Был чудесный августовский день (сколь чудесным ему предстояло стать – в прямом, исходном значении этого слова, от «чудо» – я еще не подозревал). Время проходило в праведном безделье, какое бывает лишь раз в жизни, у сдавших месяцем раньше вступительные экзамены в вуз при конкурсе двадцать человек на место. Вдобавок, заметьте, я не был комсомольцем и был евреем. А не наоборот. Но – хорош хвастаться. Невероятнее, что я еще ни в кого до сих пор не влюбился и гордился этим, как другие гордятся ни разу не пломбированными зубами, ах, опять же – лучше б наоборот. С зубами у меня была катастрофа: я вполне мог позировать Роберу Юберу.
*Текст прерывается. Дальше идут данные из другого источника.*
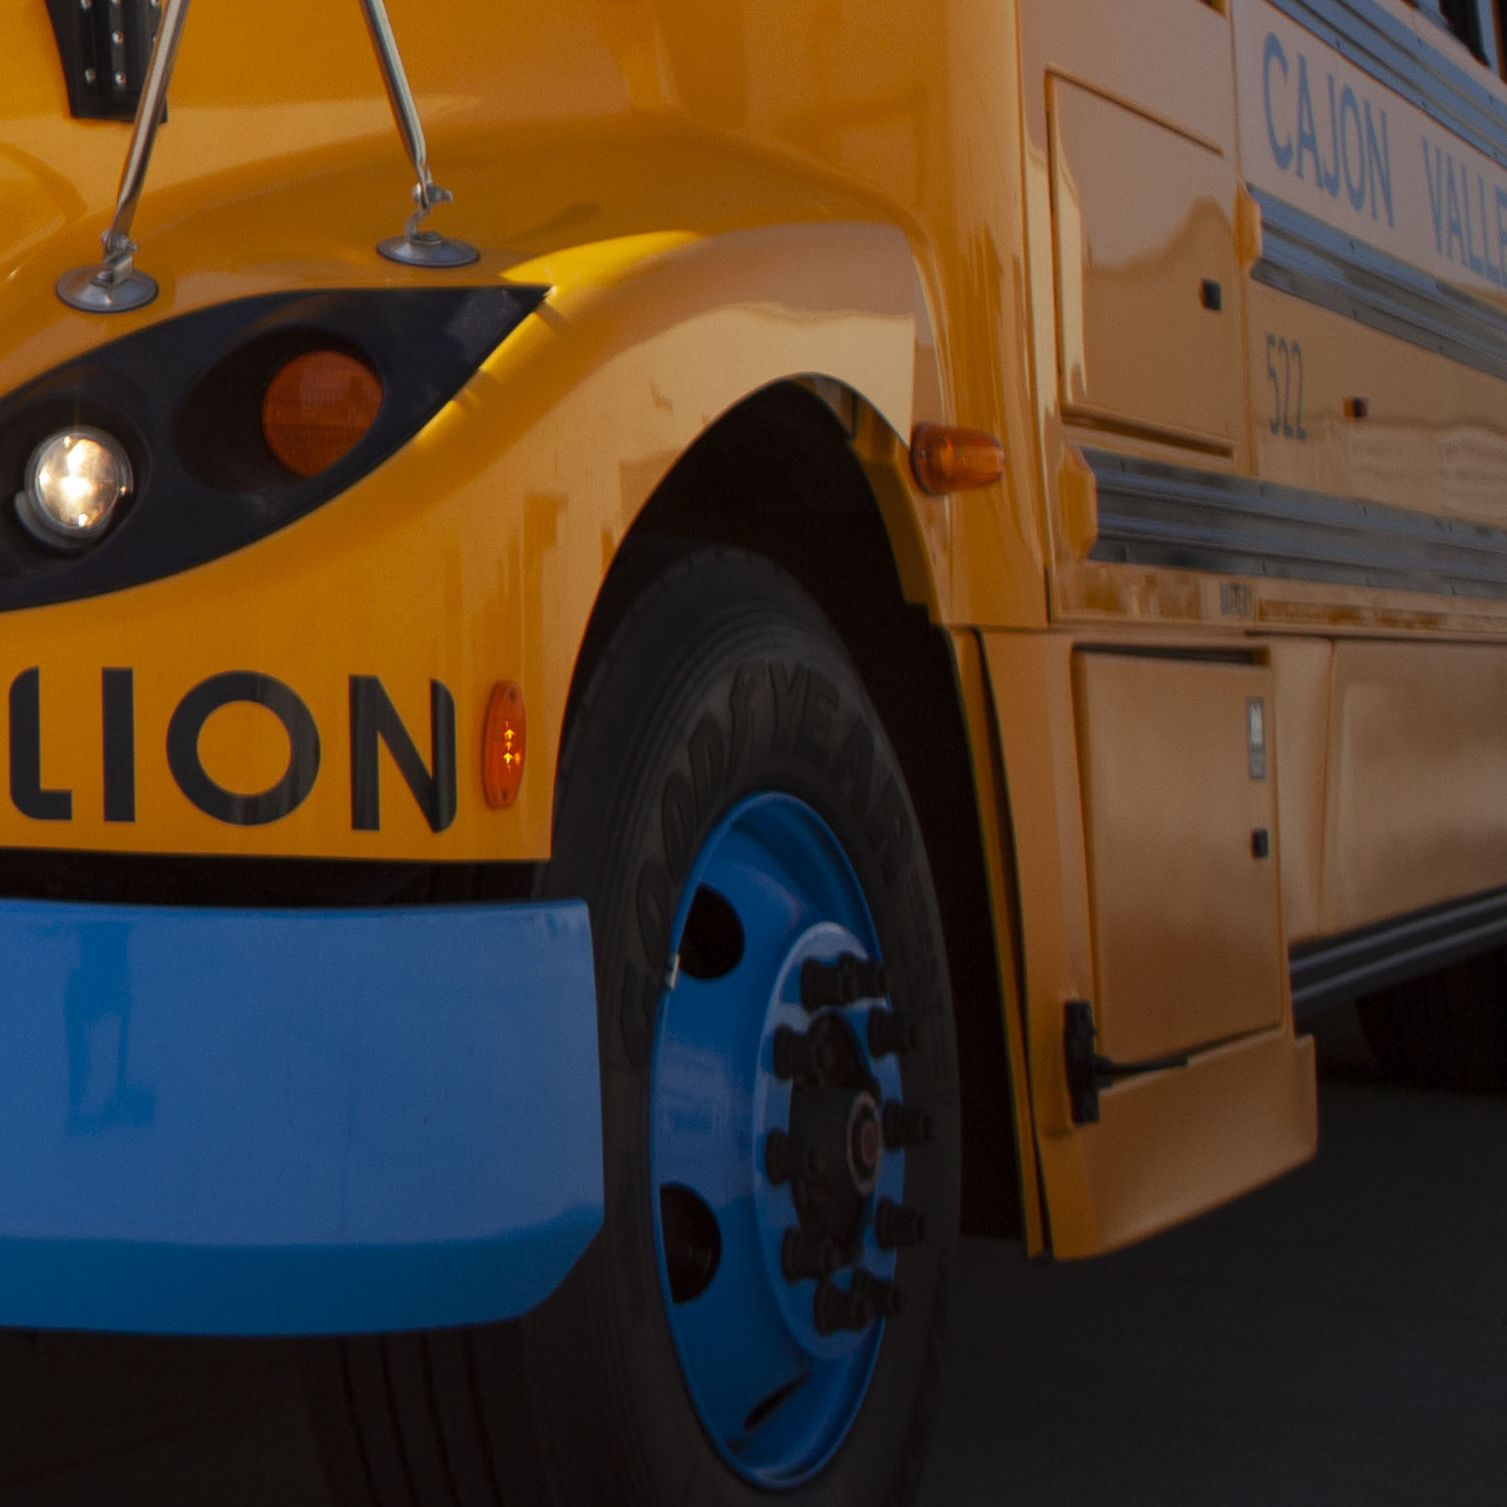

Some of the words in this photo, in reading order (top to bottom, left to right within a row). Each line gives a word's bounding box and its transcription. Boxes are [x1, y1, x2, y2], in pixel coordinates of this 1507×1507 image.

Тем же августом мне был октроирован ряд прав: помимо права избирать и быть избранным, еще и право прилюдно курить, возвращаться домой с петухами (от фельдшерицы, например) – настоящий Августовский манифест, с элегическим подзаголовком «Прощай, детство». Расставание с последним дается юности так легко, что она не против даже его посмаковать с сентиментальной миной.

Дабы не прослыть совершенным монстром, скажу: то, что я не влюблялся наяву, не знал восторженных стояний впритирку по углам, не ведал ужасающе-однообразной белиберды, что при этом лепечут друг в дружку часами – все это отнюдь не отменяло потребности в женском идеале. А иначе зачем было наряду с собою делать персонажами своих героических грез еще и Лолиту Торес или Симону-синьору («Путь в высшее общество»). И т. п. Заботам сих прелестниц поручались мои раны – коими заплатил я за вызволение их, ну… ну, допустим, из какого-нибудь человеконенавистнического сераля.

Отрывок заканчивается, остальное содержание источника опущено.